"ignore the story. see the soul. remember to love. you will never regret it" --- Seane Corn
it's a jungle out there
Monday, October 25, 2010
I'm crabby and impatient and intolerant and all around lacking in compassion today
Not a way I like to feel
So this morning, I'm in a room seeing one of my regular families, and what Jack would call old white guy republican thoughts are going through my head.
I don't want to even notice that all six kids have different last names.
I don't want to think about the fact that this lady has 5 kids between the age of 8 month and almost 7. And they all have different last names.
She hasn't gotten the baby the antibiotics the ER prescribed cause she has no way of getting to the pharmacy.
The 12 year old is asleep with his head on the exam room desk, snoring away at 9:18 am.
He still wets the bed so mom asks if "They" will pay for adult diapers.
She wants him to have a sleep study cause he snores.
And she wants vitamin prescriptions for all 6 kids because "They" will pay for it.
I don't want to have judgements. I don't want to be judgemental.
But... As in grinch butt
Who the fuck is "They"?
I am "They".
Somewhere along the line, in the last 6 years, there have been at least 5 different men in this woman's life.
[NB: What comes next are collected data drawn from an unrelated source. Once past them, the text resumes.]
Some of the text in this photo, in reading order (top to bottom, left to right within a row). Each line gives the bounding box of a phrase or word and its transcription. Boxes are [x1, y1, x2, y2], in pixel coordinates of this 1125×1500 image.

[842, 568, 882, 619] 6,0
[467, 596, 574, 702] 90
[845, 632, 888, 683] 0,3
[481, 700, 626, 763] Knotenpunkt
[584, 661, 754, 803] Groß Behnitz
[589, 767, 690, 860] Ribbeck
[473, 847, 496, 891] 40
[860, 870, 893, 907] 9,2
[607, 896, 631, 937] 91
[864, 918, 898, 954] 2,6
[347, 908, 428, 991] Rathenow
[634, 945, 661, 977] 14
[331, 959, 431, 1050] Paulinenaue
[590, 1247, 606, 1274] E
Why can't they buy some vitamins?
Or pitch in for the adult diapers? Or go fill the babys prescription goddammit?
And why does she keep having babies anyway?
I'm all for socialized medicine, but when I have grinch butt its not so easy to stay in a place of compassion. The damn wedgie is distracting me.
So I force myself to focus on how cute the baby is and how smart the two year old is and how much it must suck to be 13 and still wetting the bed.
And having grinch butt is not nearly as bad as being the mom of 6 and not having any front teeth.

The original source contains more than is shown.